Craig leads with breaking news

It’s one way to discover you’re out of a job!

A posting on craigslist!

The backstory is tremendous. Some 6 months long. Riddled with incidences with a coworker. A bullying abusive colleague with seniority and greater skills than mine. The workplace kingpin, the “made man” in mob-speak.

Though I wanted to, I did not report the incidences, abuse, complete disrespect or irreparable demise of professionalism (from the colleague toward me) for these past 6 months to the boss.

Reason: A tricky situation. S. could deny it. Distort it. Recast it to make me “the villain.” His seniority and skills he brings to the workplace — also factors. The odds of me losing me job in telling the truth to the boss were much greater than S. losing his.

So I stayed silent and continued doing the best job I could under increasing duress and pressure and negativity.

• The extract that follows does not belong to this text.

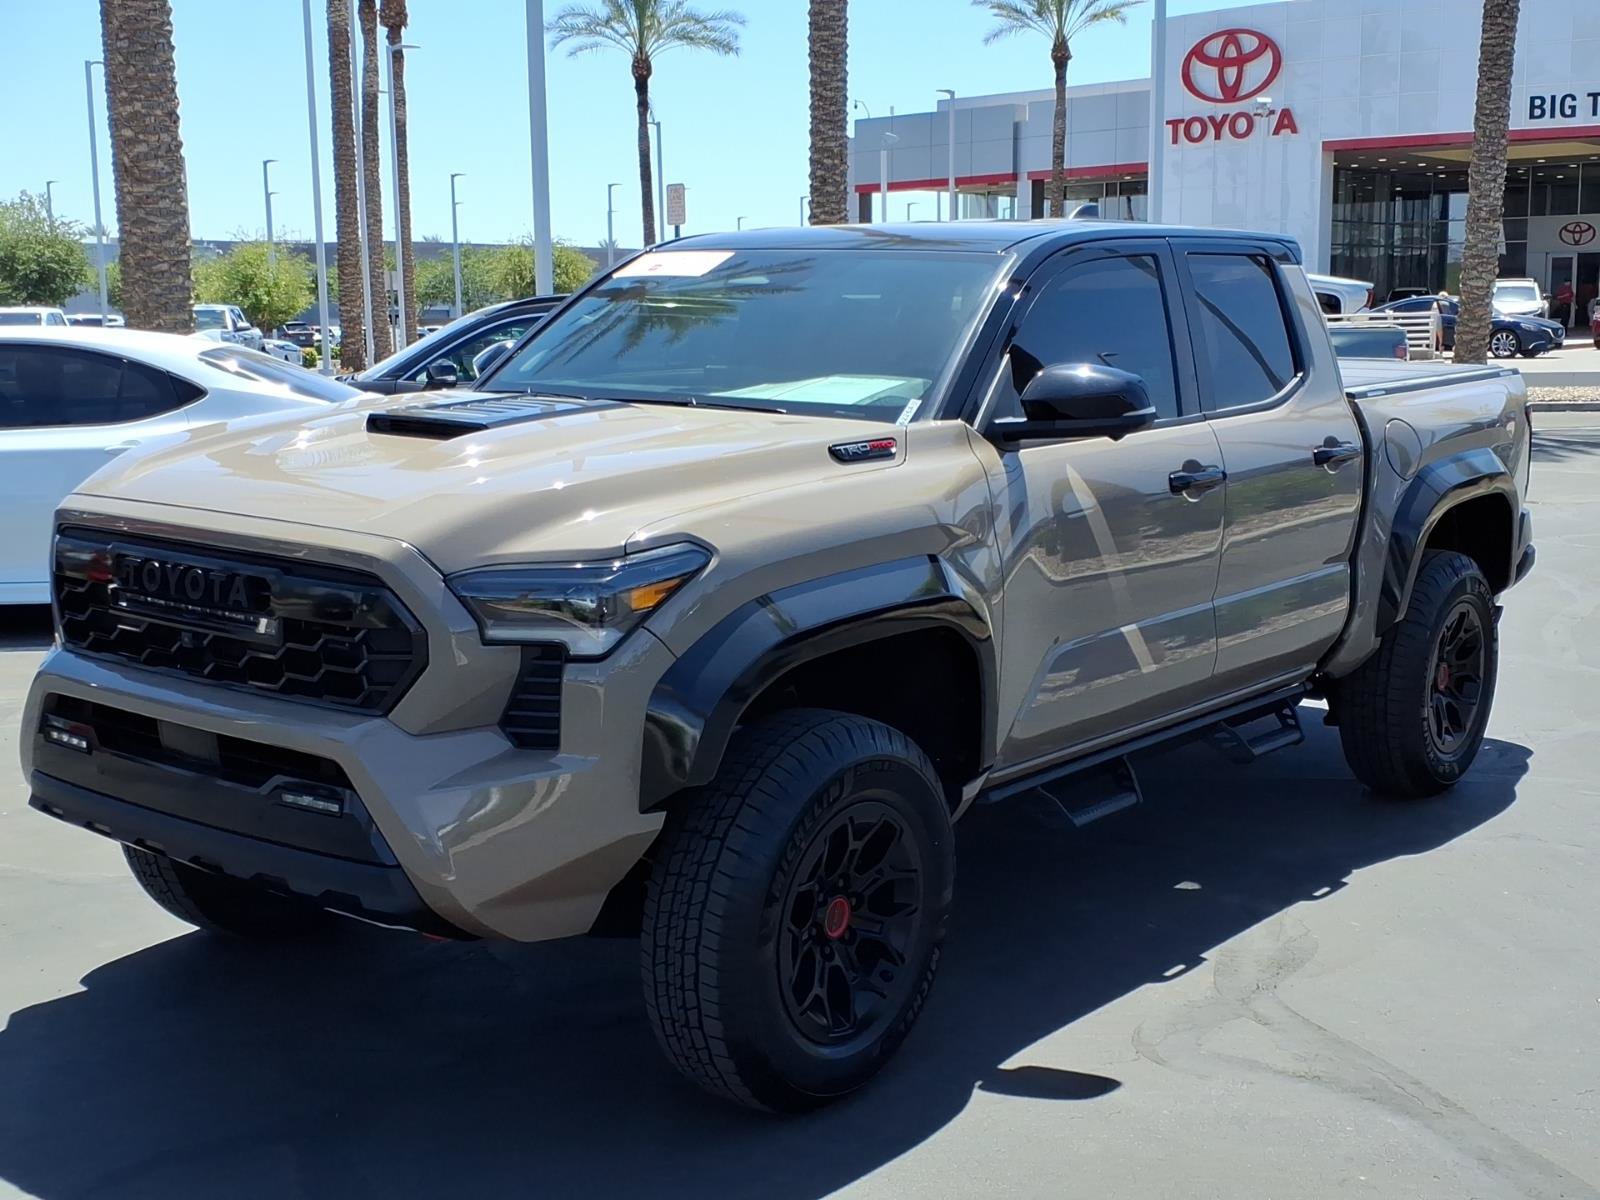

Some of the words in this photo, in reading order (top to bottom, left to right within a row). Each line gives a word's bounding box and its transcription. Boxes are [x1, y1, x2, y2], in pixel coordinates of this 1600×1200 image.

[1529, 93, 1577, 120] BIG
[831, 442, 870, 456] TRD
[869, 440, 897, 449] PRO
[123, 557, 249, 609] TOYOTA
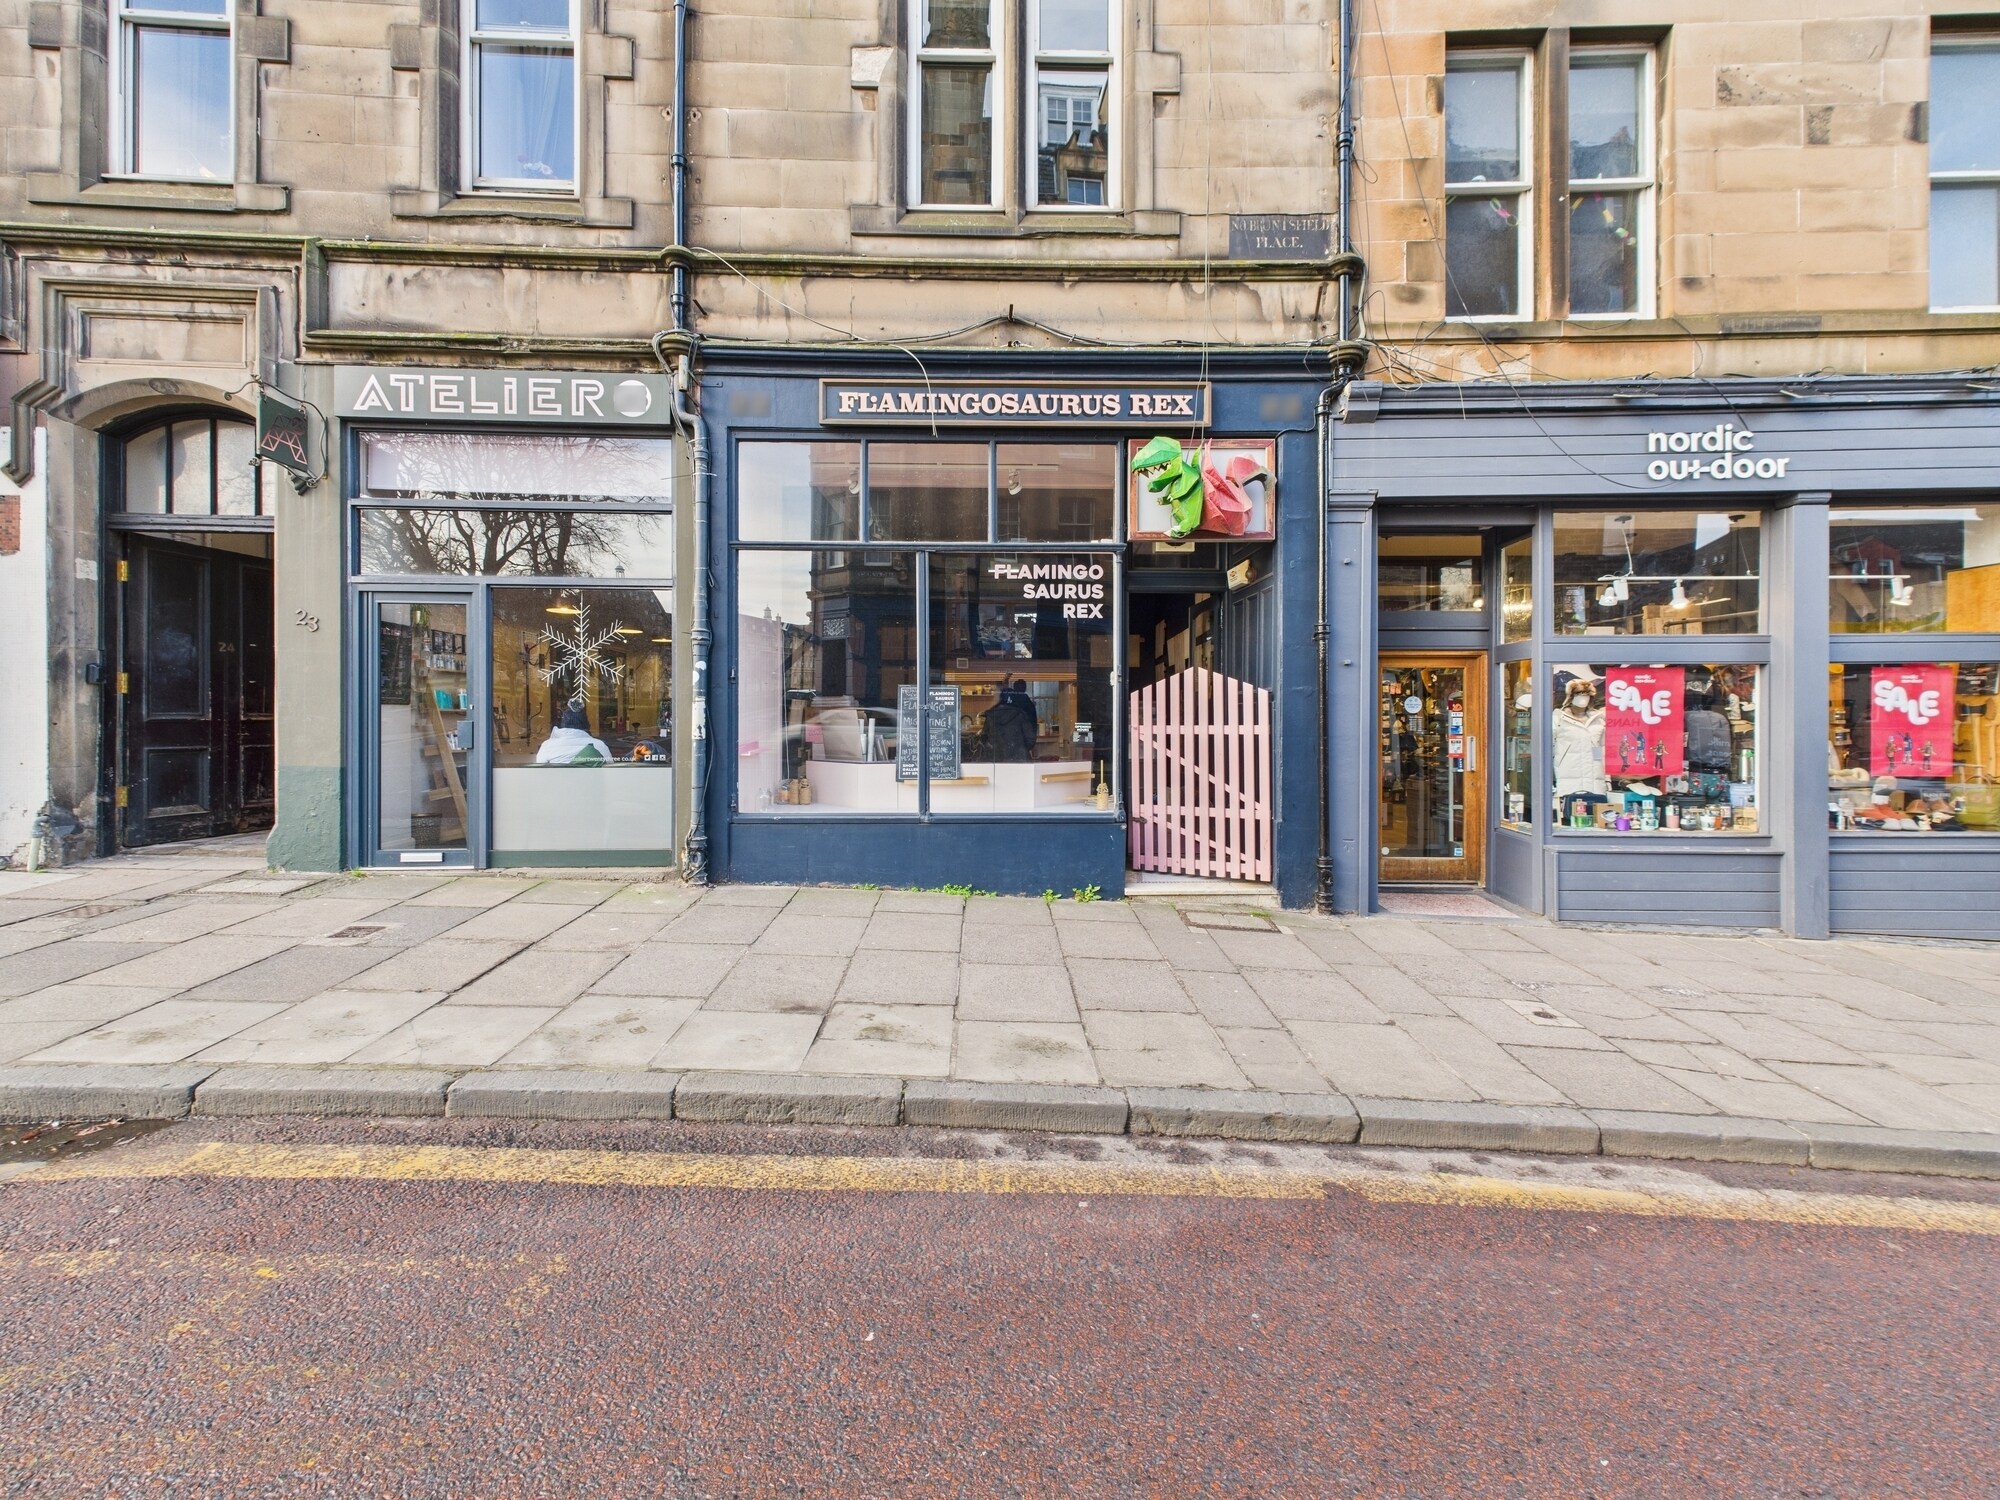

It was more than the abuse from S. that ate away at me. It was the lack of recourse. There was no one I could tell — not without consequences, the loss of my job. No one I could confide in. No friend to turn to even for another point of view or support.

I was on my own. Held my own best I could in a situation where I and I alone was singled out, hated, disrespected, bullied and spit upon metaphorically by the coworker.

I endured it because there was much about the job I liked. Like. Radio is a passion.

The boss was aware of a “personality conflict.” The tip of the icebert.

What he didn’t, doesn’t know is the full extent of the situation, the incidences, the colleague’s truly abusive behaviors that disrespected me AND the workplace.

Then something happened over the weekend (details unnecessary) — the proverbial straw that broke the camel’s back.

I’ve never seen the boss, normally a very patient, forgiving, mild-mannered, more passive than aggressive low-key person, that angry.

He attributed the issue to two employees’ “personality conflict.” Yet it was soooo much more. I just couldn’t tell him.

I didn’t expect to lose my job over this incident that profoundly angered my boss. Neither however was I going to be surprised if I did.

So yesterday — ironically Labor Day, and yes, I worked it — while perusing craigslist, as I do to keep ear to the job market ground, I stumbled upon it. An ad with my job description. Posted just that morning.

Then I knew.

As it was a holiday for the boss (and most staff), he wasn’t present to inform me.

Still to be confirmed:

Is it I who’s been let go? (100% yes is my hunch).

Has the (abusive bullying) colleague involved in this long “personality conflict” also been let go?

I don’t know. Can’t tell. Contradictory wording in the ad. Ad reads plural positions; headline reads singular.

I will know when my boss and I meet and I get the expected pink slip.

Like I wrote, that’s one way to discover you’ve lost your job! See it on craiglist. The great revealer. The teller of “secrets.” The breaker of hot news.

Who knew?!

For now, will leave it at that.

Wow! Such sea changes!

First a deep sudden uprooting from my home, now the end, presumably, of a dream job. Once a dream job, I should state. My sole source of income.

Massive changes on the home and work front simultaneously. QUITE the handful! Mouthful. Body-full. All levels-full!

Not a religious person one bit. Times like these, though, cause me to wonder: about a greater force, higher force, spiritual force at work — or play.

When the rug’s pulled out from under and everything in the room’s turned upside down and topsy turvy suddenly:

What do you believe in?

Whom do you believe in?

Is there a benevolent force?

A divine plan or purpose to all things — from tragedies to triumphs?

I don’t have answers, only speculations and wonder.

And, I daresay, a need for a new job! Correction: better work. Meaningful work. Prospering work. A return to the purposeful path from which I have strayed too long and too far.

I rest knowing that “even the worst things” happen for a reason.

Two options.

When a door’s shut, even slammed suddenly, you can choose to be a victim and dwell, moan, play the “woe is me card.”

Or you can choose to see it as opportunity for better. For even much-needed improvement. A new road. Uncharted territory. A mystery. A new storyline.